Reviews are emerging for Apple’s new iPhone 6S and 6S Plus, which go on sale Sept. 25 in 11 countries. One common thread: The new phones are fast. In fact, they’re apparently as fast—or faster—than Apple’s newly designed MacBook laptop, which launched earlier this year.
Several testers have been running Geekbench, a tool designed to standardize speed tests across computer platforms, on the new iPhones’ Apple-designed A9 chips. Results suggest that the iPhone 6S performs about the same as the entry-level MacBook, and that the larger iPhone 6S Plus is even faster. Mashable, for example, reports a single-core score of 2,521 for the iPhone 6S Plus; the MacBook’s average is 2,295.
What does this say?
- These phones are objectively fast. (And, to be fair, the new MacBook—which uses a new, low-power “Core M” chip from Intel—is pretty slow.) It’s endlessly impressive how powerful these pocket computers are today.

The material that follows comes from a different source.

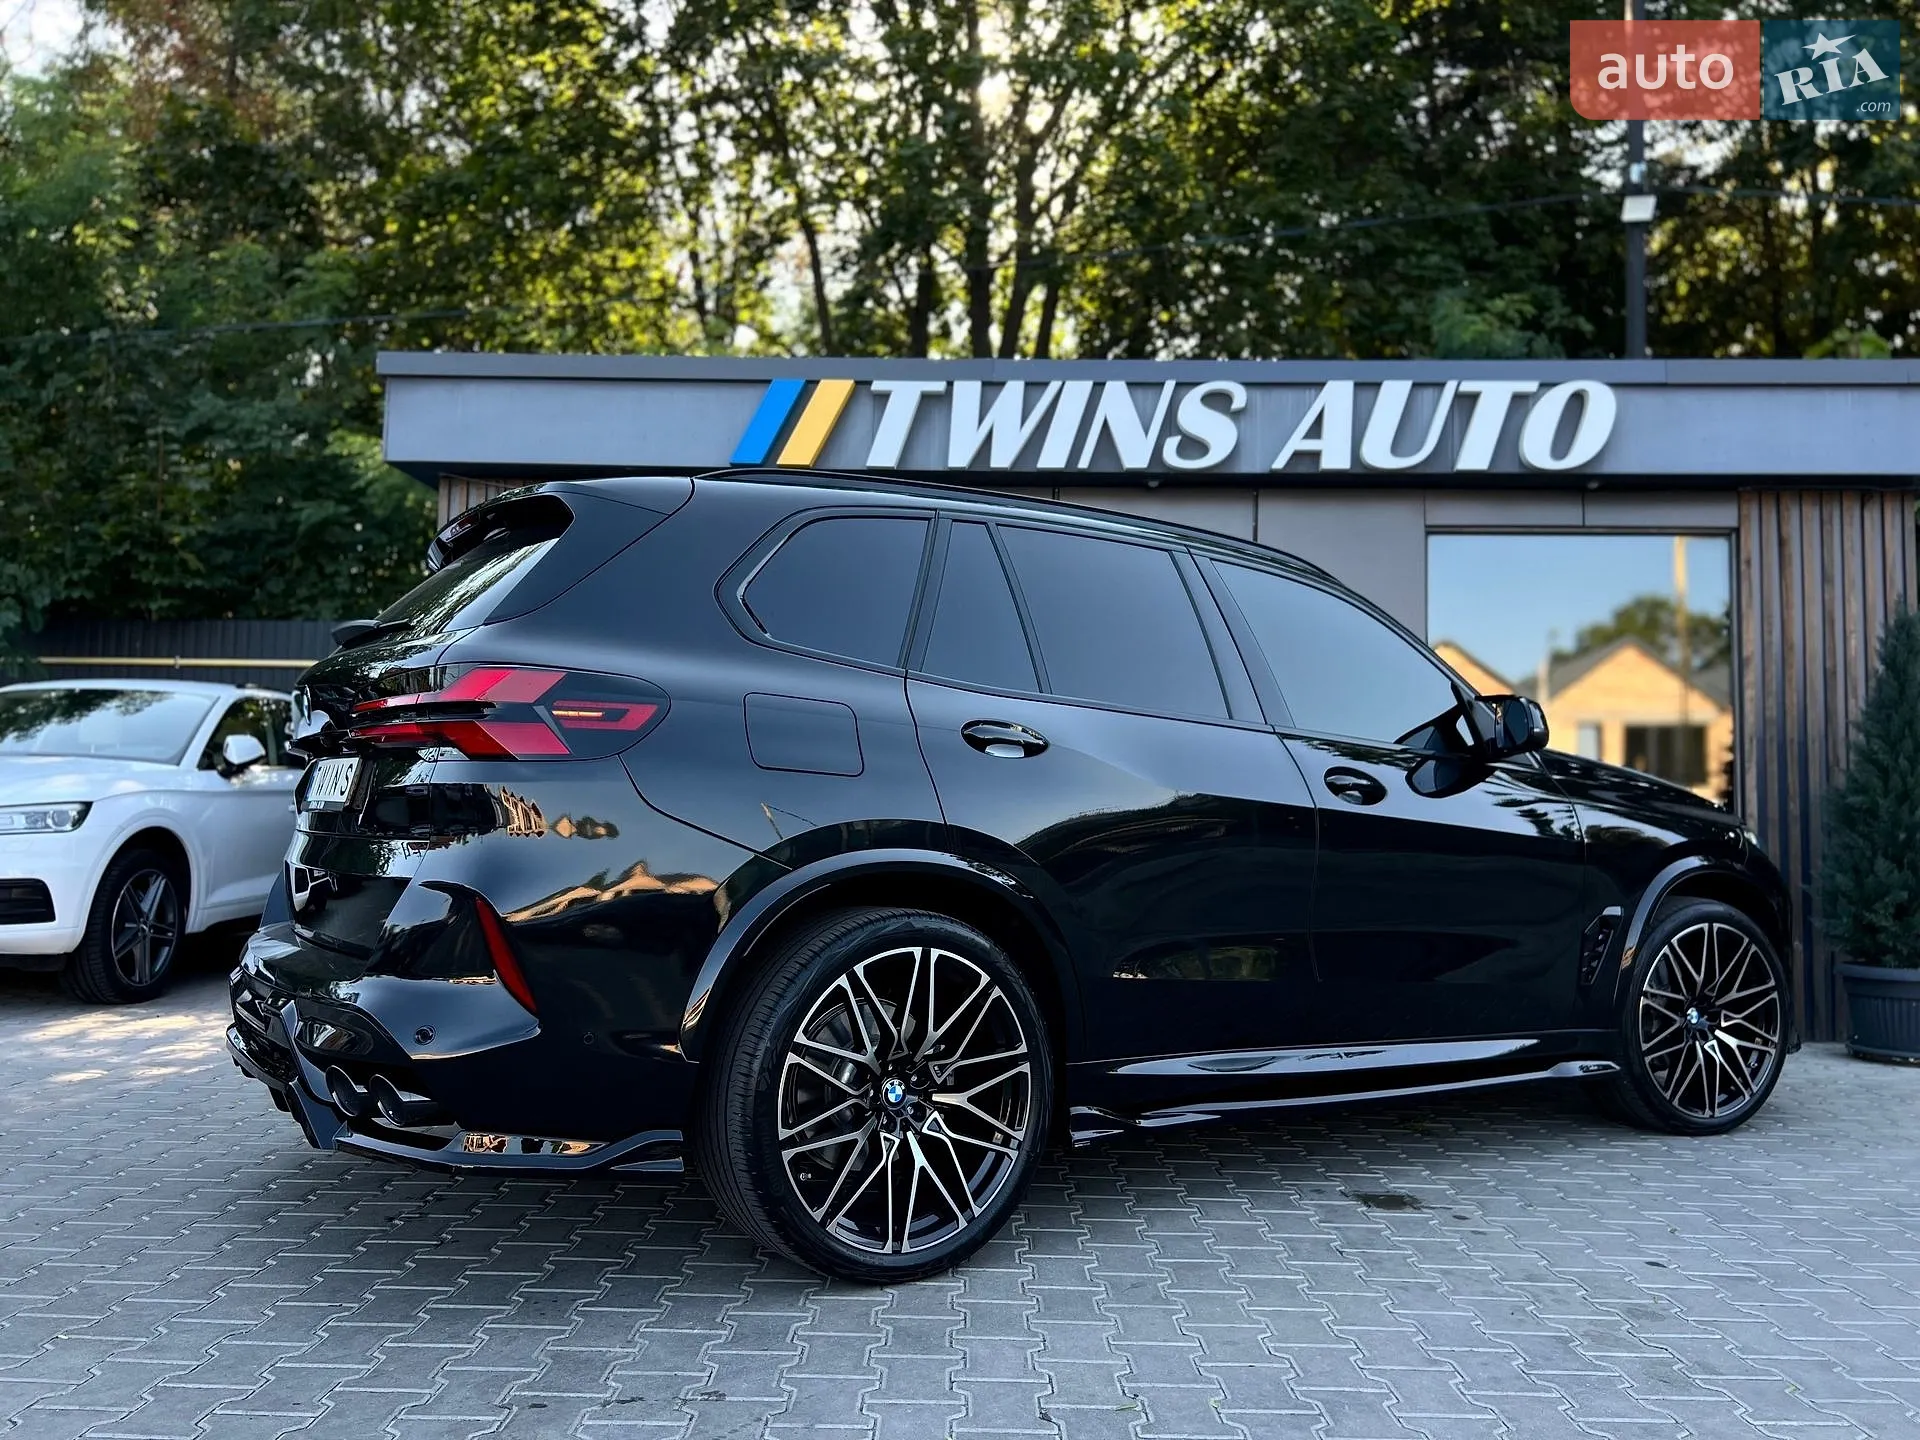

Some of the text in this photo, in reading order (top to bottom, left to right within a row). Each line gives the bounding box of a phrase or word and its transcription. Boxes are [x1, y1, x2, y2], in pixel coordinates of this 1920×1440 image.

[866, 379, 1618, 472] TWINS AUTO
[309, 763, 353, 797] TWINS
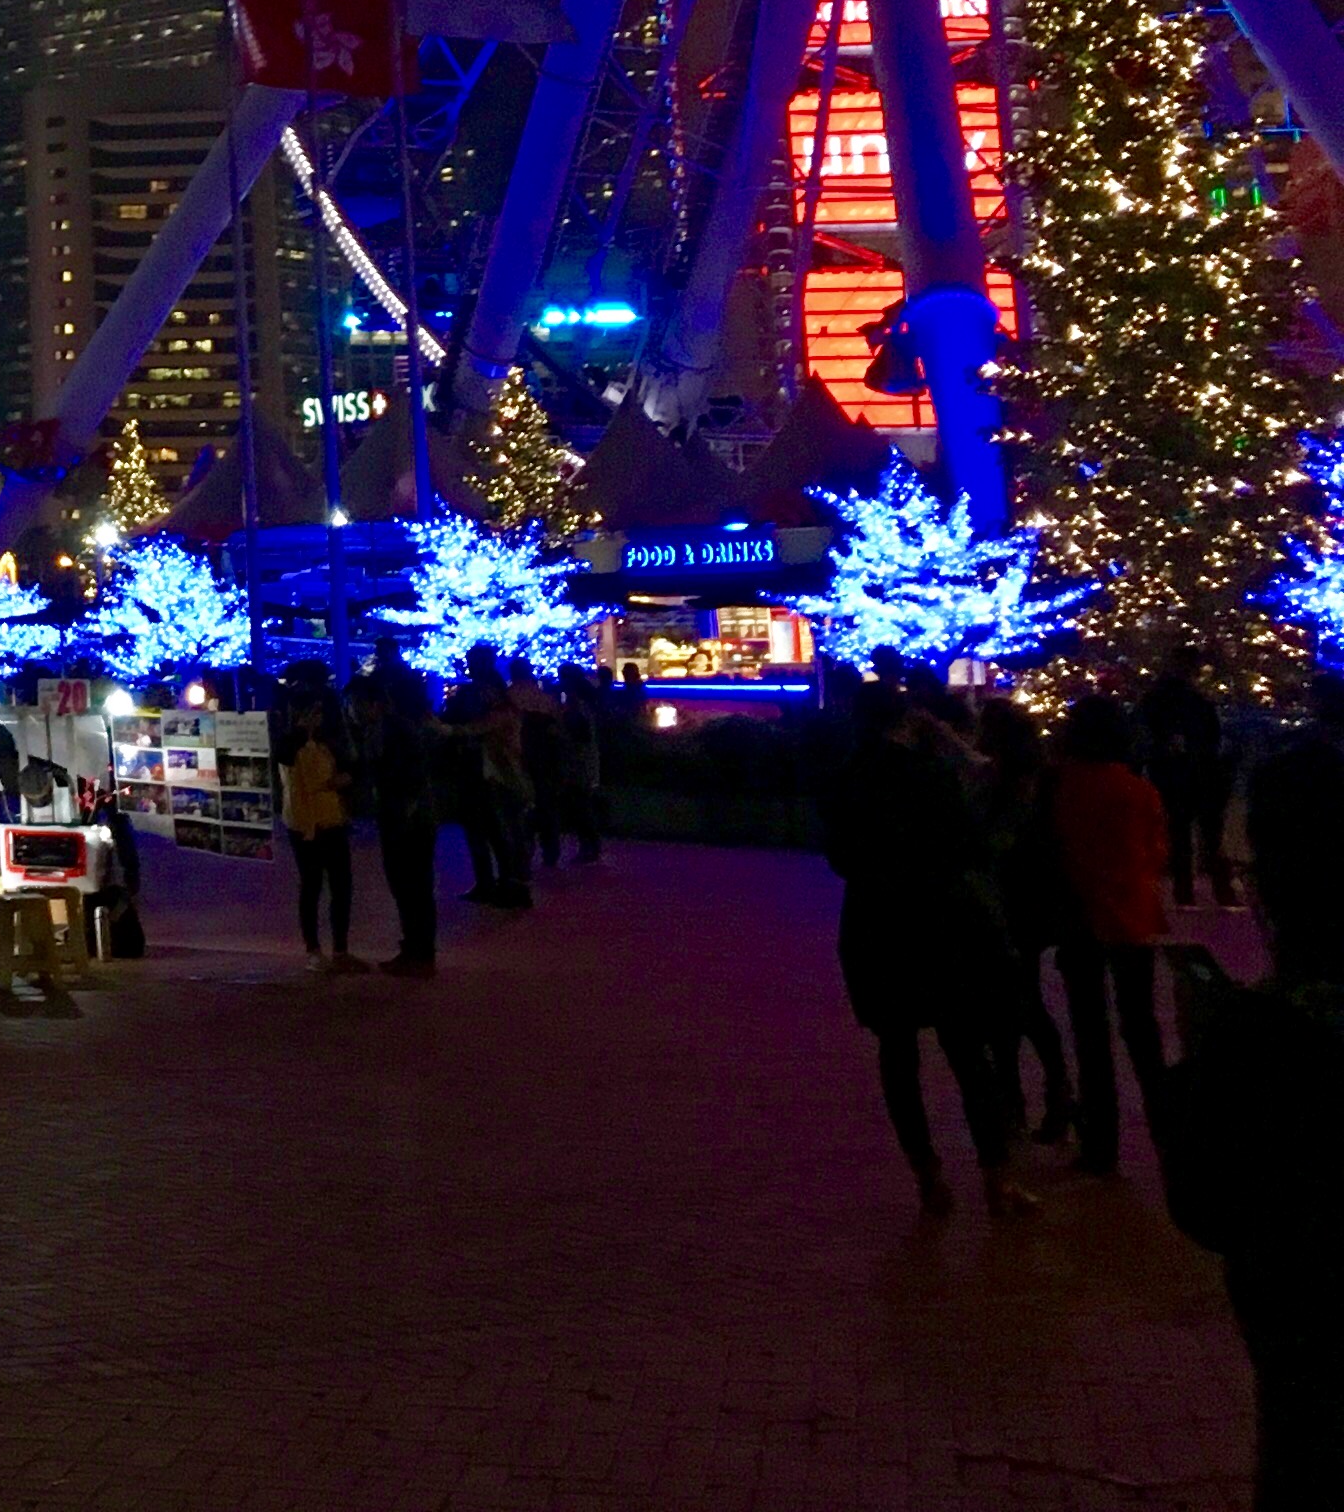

- Real-world usage, of course, is a different story. How fast software feels—and how much you can accomplish in a certain amount of time—depends on several factors, including processor speed, graphics chips, screen size, app complexity, network speed, your ability to concentrate and multitask, and others.
- Apple is getting really good at designing fast, power-efficient chips. It wouldn’t be surprising to see a MacBook running a non-Intel chip at some point, if Apple wanted to.
- The iPad Pro could be a Geekbench monster. Apple’s huge new tablet, which includes an even faster chip called the A9X, will launch later this year.